• EXERCISE GOAL: Restate the data word for word and leave the images out.

• EXTRACTED INFORMATION:
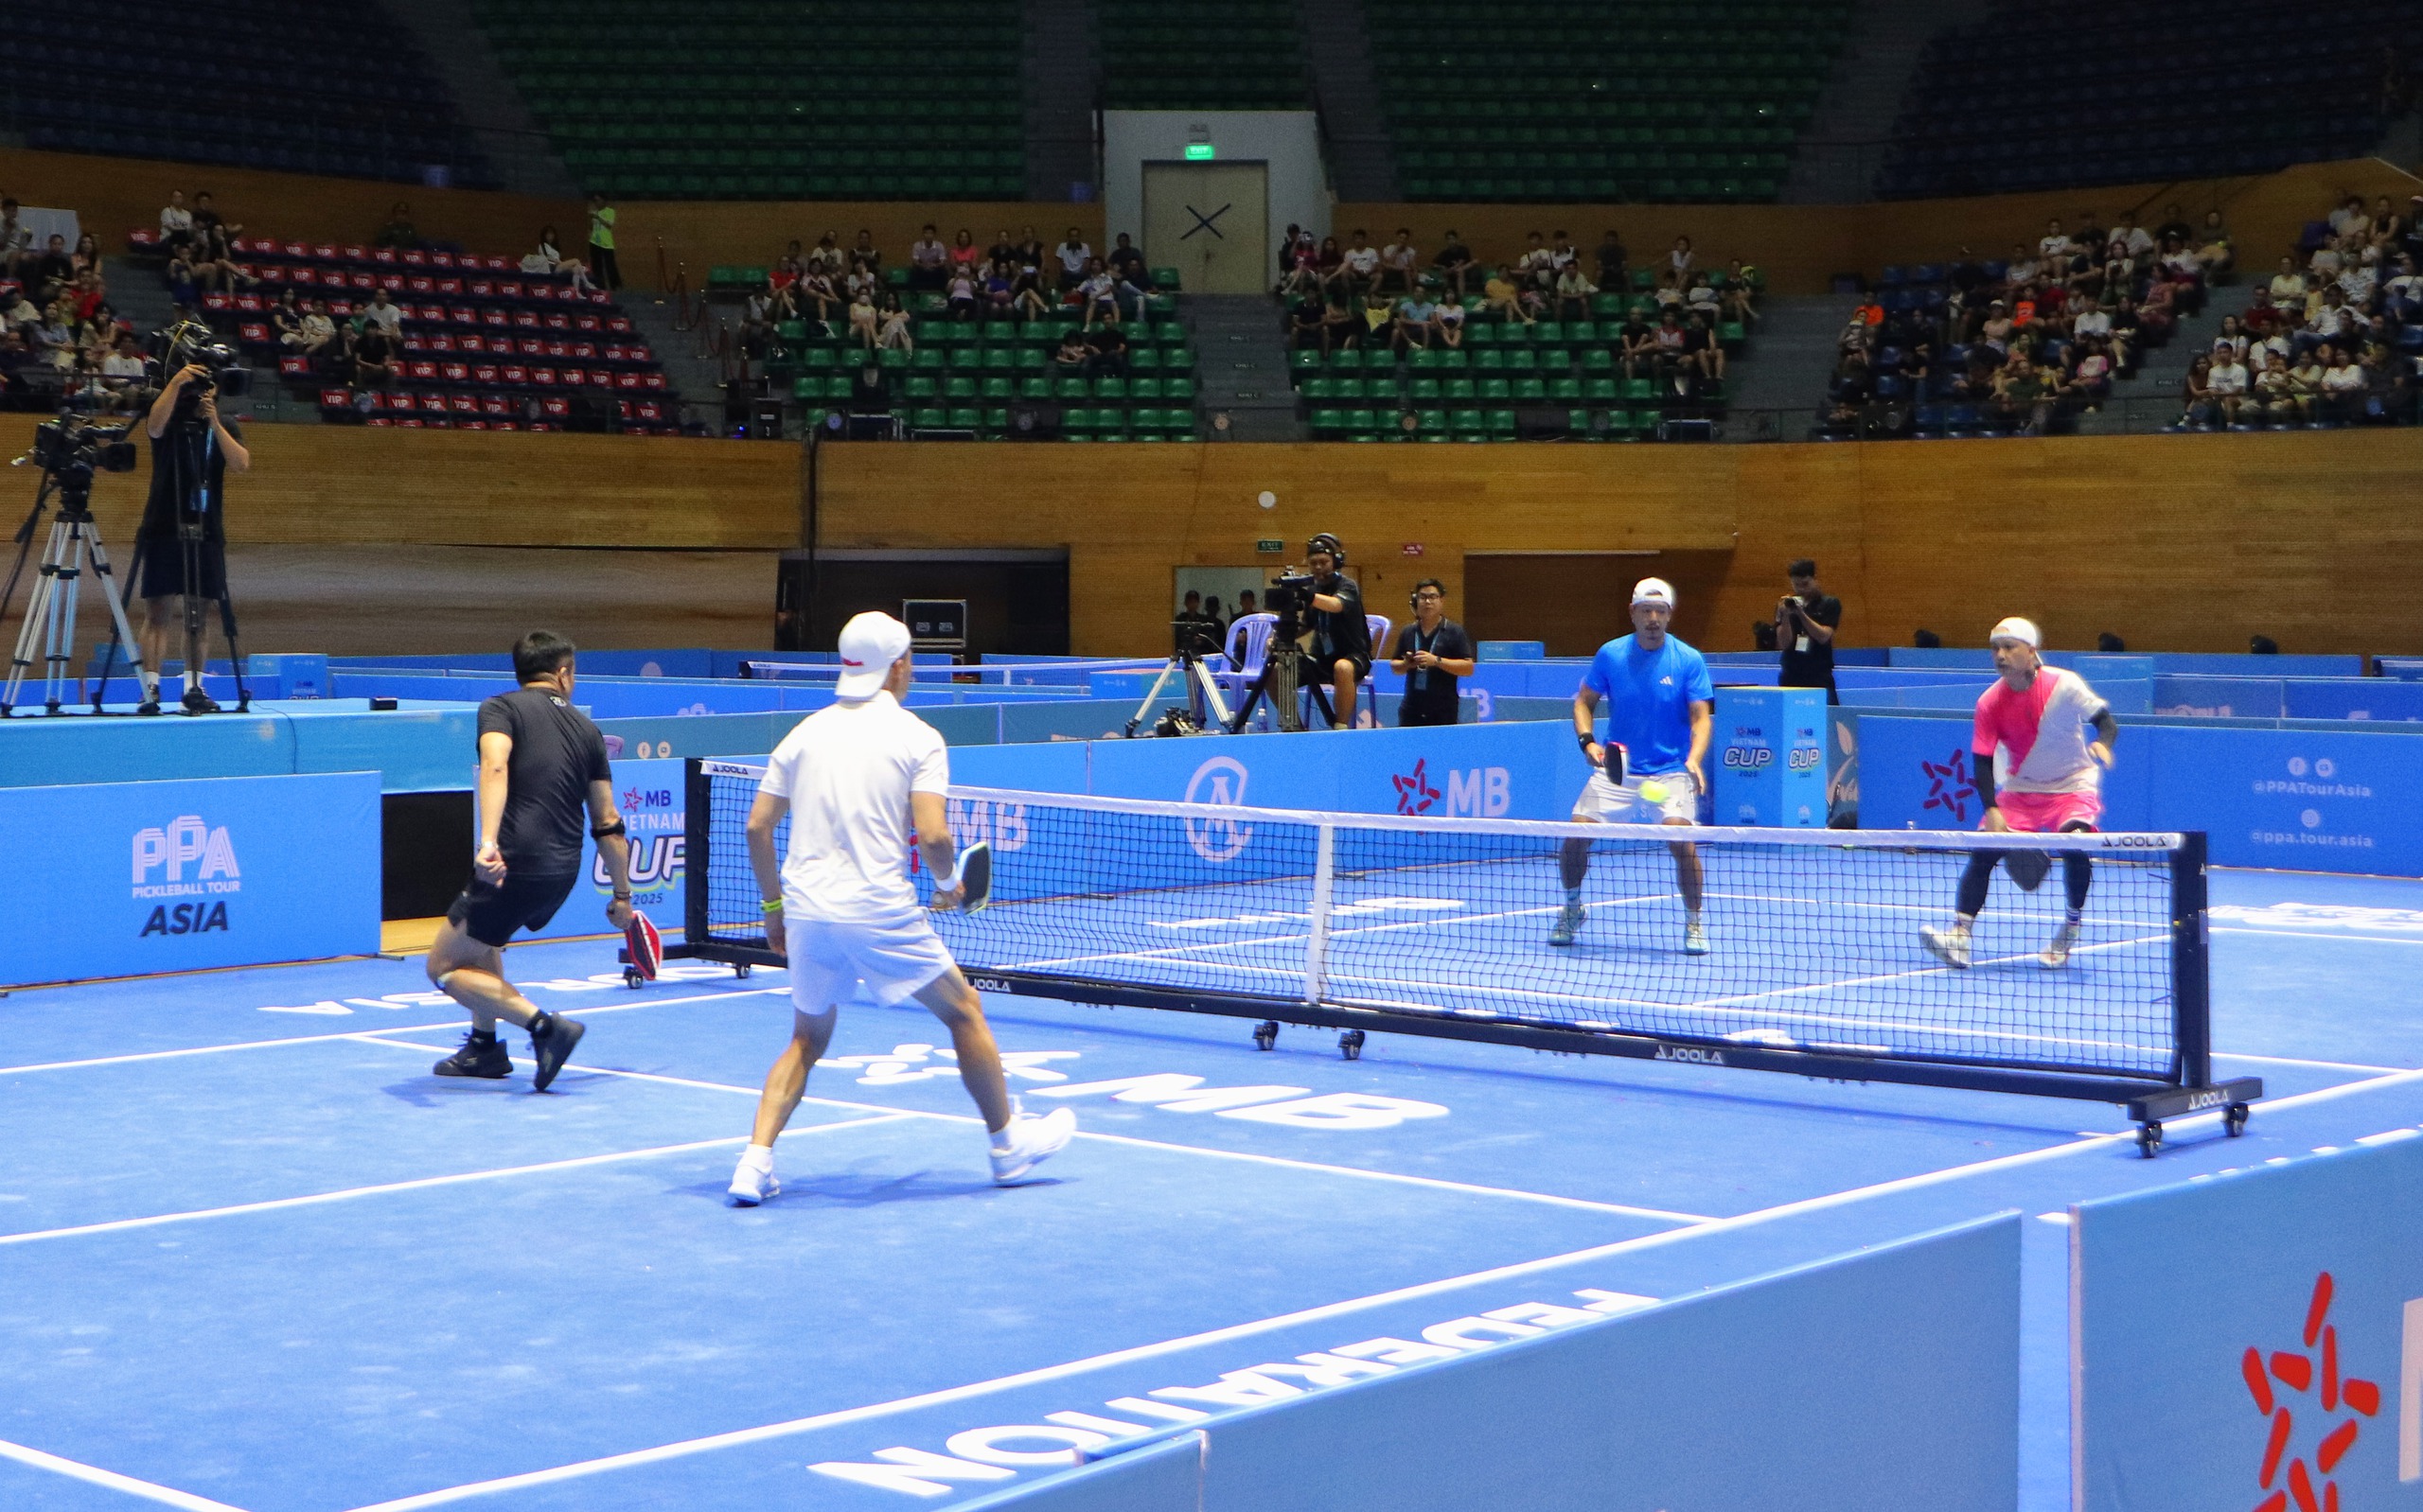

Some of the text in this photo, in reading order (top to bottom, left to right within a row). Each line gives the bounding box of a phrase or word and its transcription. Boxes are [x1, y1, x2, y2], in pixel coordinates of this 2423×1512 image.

[131, 232, 149, 241] VIP
[255, 241, 271, 251] VIP
[285, 245, 303, 255] VIP
[315, 248, 331, 256] VIP
[345, 248, 361, 256] VIP
[375, 252, 391, 260] VIP
[404, 254, 420, 262] VIP
[433, 255, 448, 264] VIP
[459, 256, 475, 266] VIP
[487, 259, 504, 268] VIP
[261, 270, 278, 279] VIP
[292, 271, 310, 280] VIP
[325, 275, 340, 285] VIP
[353, 277, 370, 286] VIP
[382, 279, 399, 288] VIP
[412, 281, 428, 290] VIP
[440, 283, 455, 291] VIP
[472, 285, 488, 294] VIP
[501, 286, 516, 294] VIP
[557, 290, 573, 299] VIP
[592, 293, 607, 303] VIP
[205, 298, 223, 308] VIP
[238, 299, 255, 308] VIP
[331, 305, 348, 314] VIP
[399, 309, 410, 319] IP
[423, 310, 438, 320] VIP
[454, 312, 470, 322] VIP
[486, 315, 503, 325] VIP
[517, 317, 533, 325] VIP
[548, 319, 564, 327] VIP
[579, 320, 594, 328] VIP
[243, 327, 259, 338] VIP
[403, 341, 419, 349] VIP
[432, 341, 448, 349] VIP
[462, 339, 478, 348] VIP
[491, 343, 507, 353] VIP
[522, 343, 539, 352] VIP
[549, 346, 564, 355] VIP
[575, 347, 591, 356] VIP
[606, 351, 622, 360] VIP
[629, 351, 645, 360] VIP
[283, 362, 299, 372] VIP
[415, 366, 431, 376] VIP
[446, 368, 462, 378] VIP
[476, 370, 493, 378] VIP
[505, 370, 522, 379] VIP
[534, 372, 550, 381] VIP
[563, 374, 579, 382] VIP
[592, 375, 608, 383] VIP
[620, 378, 635, 386] VIP
[646, 378, 661, 386] VIP
[326, 395, 343, 404] VIP
[392, 398, 408, 408] VIP
[424, 400, 440, 410] VIP
[454, 400, 470, 410] VIP
[486, 403, 503, 413] VIP
[546, 403, 563, 412] VIP
[639, 408, 655, 417] VIP
[1746, 728, 1761, 736] MB
[1731, 738, 1766, 747] VIETNAM
[1723, 747, 1773, 767] CUP
[1789, 747, 1820, 769] CUP
[1446, 766, 1511, 818] MB
[2252, 781, 2372, 797] @PPATourAsia
[646, 789, 671, 807] MB
[622, 812, 684, 831] IETNAM
[947, 799, 1029, 853] MB
[2251, 831, 2374, 848] @ppa.tour.asia
[132, 815, 241, 885] PPA
[132, 880, 241, 899] PICKLEBALL TOUR
[632, 893, 663, 905] 2025
[139, 900, 229, 938] ASIA
[1025, 1073, 1451, 1130] MB
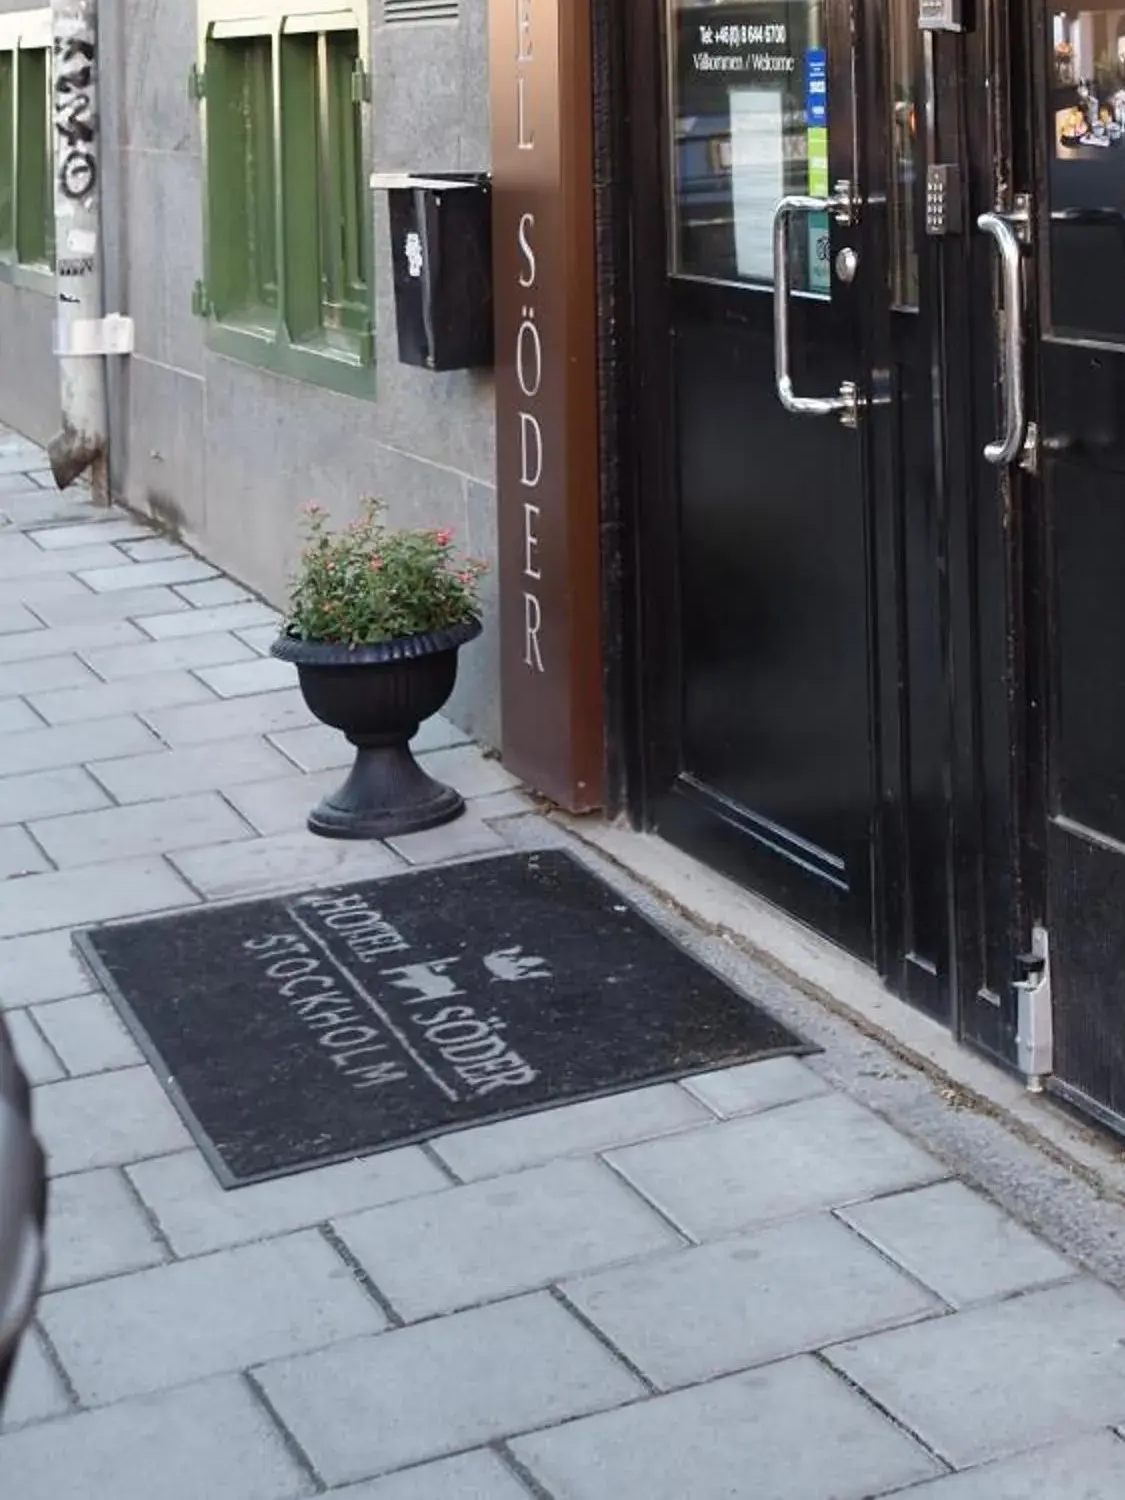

• THE COMPLETED TASK:
Some of the text in this photo, in reading order (top to bottom, left to right within a row). Each line gives the bounding box of a phrase or word and its transcription. Boxes are [x1, y1, x2, y2], in pixel coordinates of this 2423×1512 image.

[131, 232, 149, 241] VIP
[255, 241, 271, 251] VIP
[285, 245, 303, 255] VIP
[315, 248, 331, 256] VIP
[345, 248, 361, 256] VIP
[375, 252, 391, 260] VIP
[404, 254, 420, 262] VIP
[433, 255, 448, 264] VIP
[459, 256, 475, 266] VIP
[487, 259, 504, 268] VIP
[261, 270, 278, 279] VIP
[292, 271, 310, 280] VIP
[325, 275, 340, 285] VIP
[353, 277, 370, 286] VIP
[382, 279, 399, 288] VIP
[412, 281, 428, 290] VIP
[440, 283, 455, 291] VIP
[472, 285, 488, 294] VIP
[501, 286, 516, 294] VIP
[557, 290, 573, 299] VIP
[592, 293, 607, 303] VIP
[205, 298, 223, 308] VIP
[238, 299, 255, 308] VIP
[331, 305, 348, 314] VIP
[399, 309, 410, 319] IP
[423, 310, 438, 320] VIP
[454, 312, 470, 322] VIP
[486, 315, 503, 325] VIP
[517, 317, 533, 325] VIP
[548, 319, 564, 327] VIP
[579, 320, 594, 328] VIP
[243, 327, 259, 338] VIP
[403, 341, 419, 349] VIP
[432, 341, 448, 349] VIP
[462, 339, 478, 348] VIP
[491, 343, 507, 353] VIP
[522, 343, 539, 352] VIP
[549, 346, 564, 355] VIP
[575, 347, 591, 356] VIP
[606, 351, 622, 360] VIP
[629, 351, 645, 360] VIP
[283, 362, 299, 372] VIP
[415, 366, 431, 376] VIP
[446, 368, 462, 378] VIP
[476, 370, 493, 378] VIP
[505, 370, 522, 379] VIP
[534, 372, 550, 381] VIP
[563, 374, 579, 382] VIP
[592, 375, 608, 383] VIP
[620, 378, 635, 386] VIP
[646, 378, 661, 386] VIP
[326, 395, 343, 404] VIP
[392, 398, 408, 408] VIP
[424, 400, 440, 410] VIP
[454, 400, 470, 410] VIP
[486, 403, 503, 413] VIP
[546, 403, 563, 412] VIP
[639, 408, 655, 417] VIP
[1746, 728, 1761, 736] MB
[1731, 738, 1766, 747] VIETNAM
[1723, 747, 1773, 767] CUP
[1789, 747, 1820, 769] CUP
[1446, 766, 1511, 818] MB
[2252, 781, 2372, 797] @PPATourAsia
[646, 789, 671, 807] MB
[622, 812, 684, 831] IETNAM
[947, 799, 1029, 853] MB
[2251, 831, 2374, 848] @ppa.tour.asia
[132, 815, 241, 885] PPA
[132, 880, 241, 899] PICKLEBALL TOUR
[632, 893, 663, 905] 2025
[139, 900, 229, 938] ASIA
[1025, 1073, 1451, 1130] MB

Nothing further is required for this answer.